When the couple makes the decision to again attempt pregnancy, prior to thawing their embryos, all identifying information is checked and double checked and must exactly match before the appropriate number of embryos are thawed. The embryos are thawed in a water bath at 30 degrees centigrade over several minutes. The embryos are then carefully rinsed to remove the cryoprotectant and placed back into culture medium and returned to the incubator. At ACFS, we thaw the embryos out the evening before the transfer, allowing them to equilibrate from the freeze-thaw, and have the chance to make one cleavage or division, which is an excellent sign for the viability of that embryo. ACFS would like to see at least 50% or more of the cells of the embryo survive the thaw, with little to no increase in fragmentation from when it was frozen, in order to recommend that embryo be transferred. All cryopreserved thawed embryos undergo assisted hatching about an hour before uterine transfer because scientific data has clearly shown that cryopreservation can artificiallyharden the zona pellucida or wall of an embryo, preventing it from "hatching" out when it is ready to implant.
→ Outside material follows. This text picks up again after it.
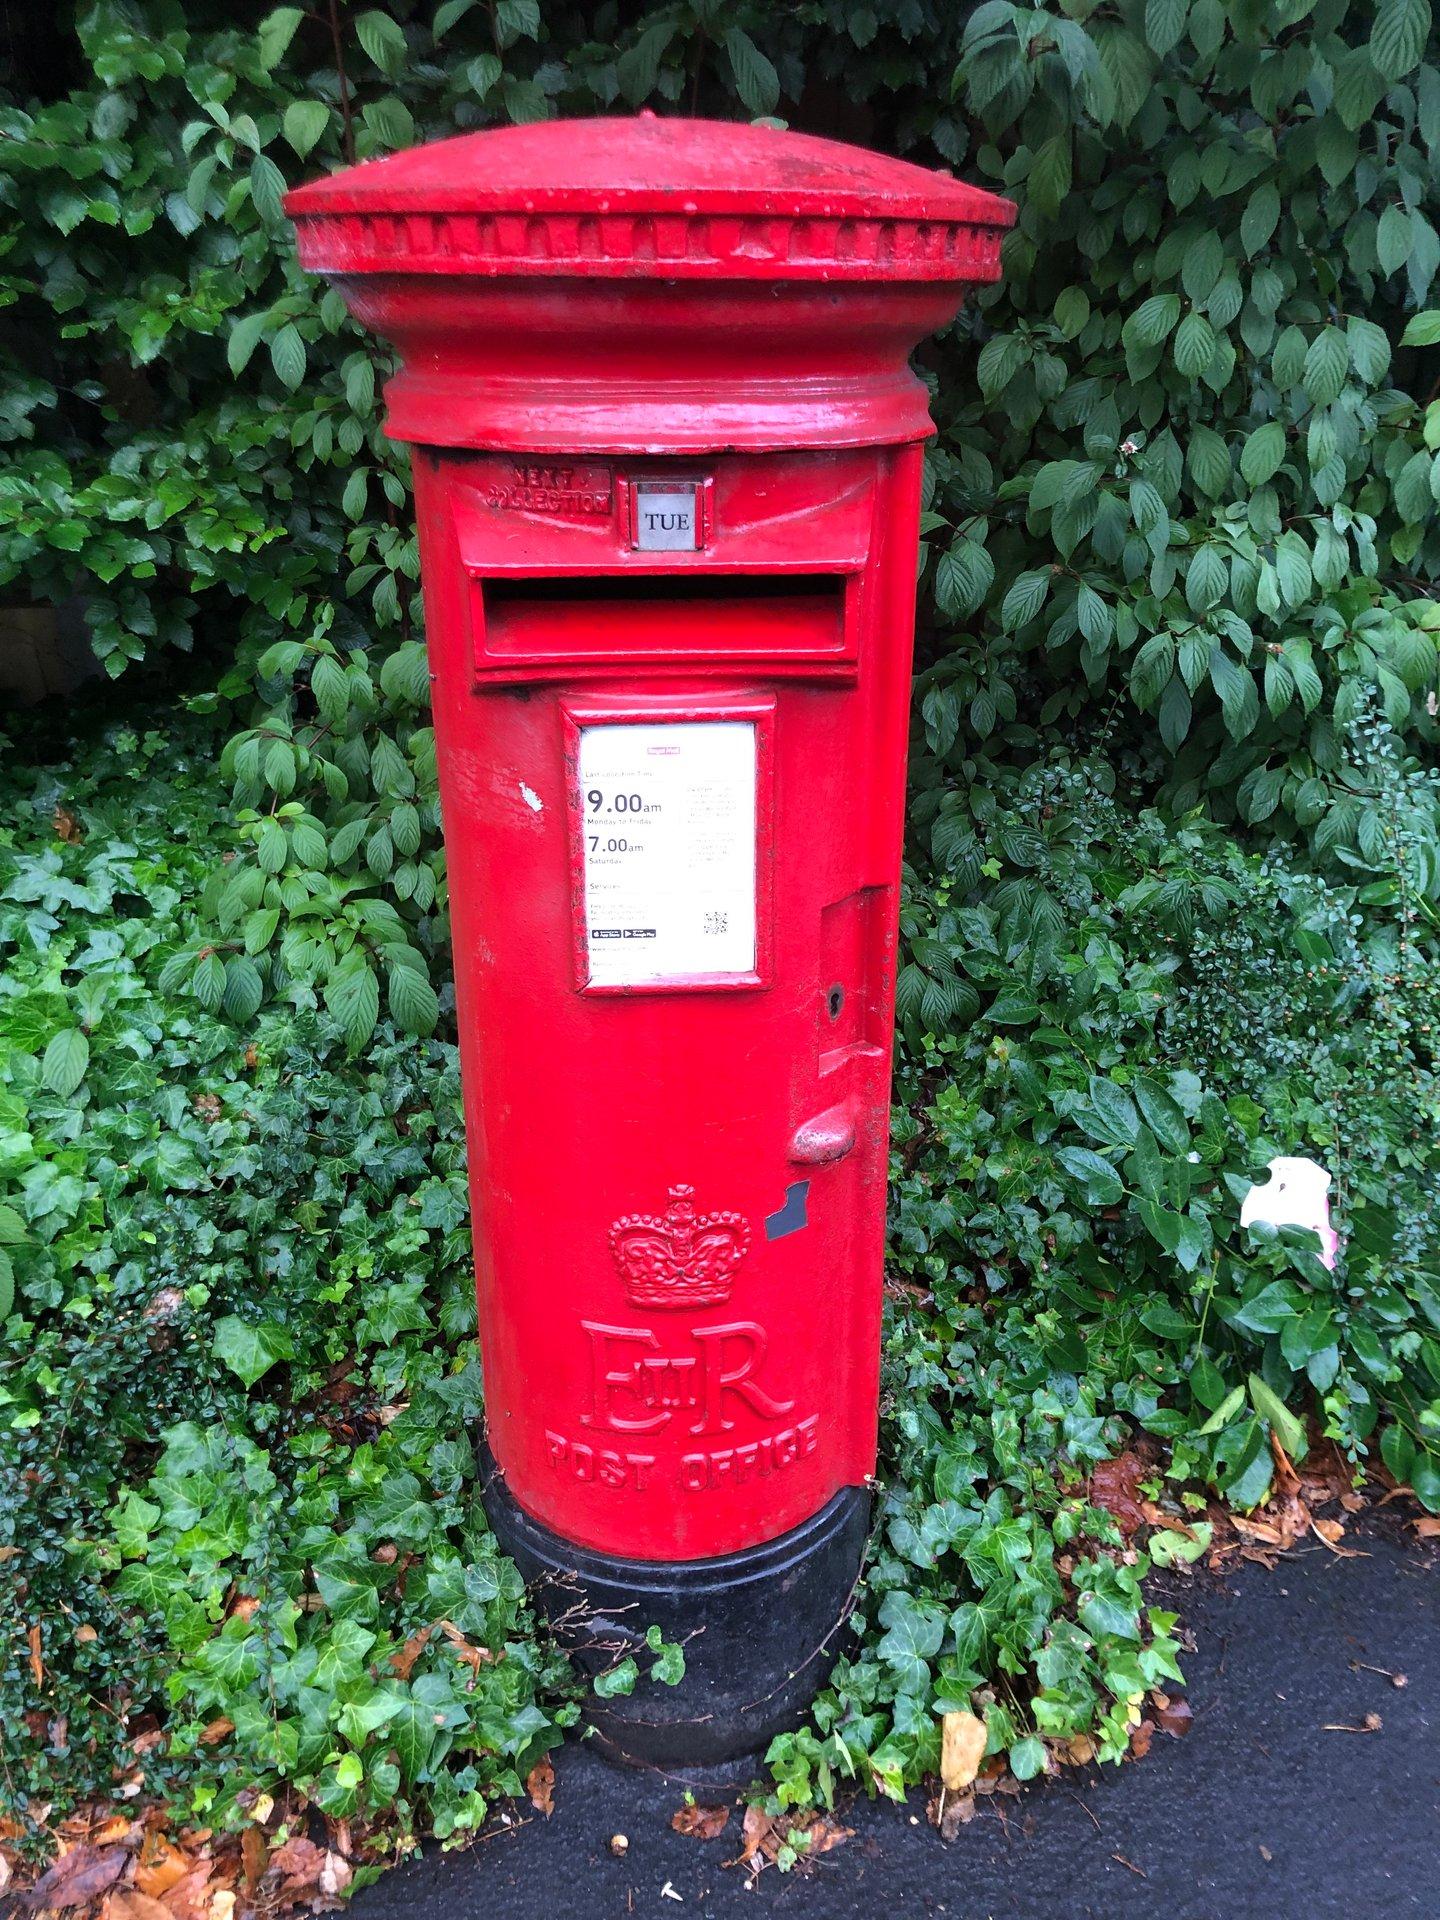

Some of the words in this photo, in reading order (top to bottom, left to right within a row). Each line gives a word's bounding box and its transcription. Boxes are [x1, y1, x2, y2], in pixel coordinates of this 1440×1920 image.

A concern with cryopreservation is the potential risk of birth defects in children produced from frozen-thawed embryos. In the domestic animal industry, large-scale freezing and transfer of embryos has not resulted in increased birth defects. Studies to date on human babies born from cryopreserved, than thawed embryos, have not shown any statistical increase in birth defects or other abnormalities when compared to the rest of the population.

After a couple has completed childbearing and have remaining embryos, they must decide on the disposition of those embryos.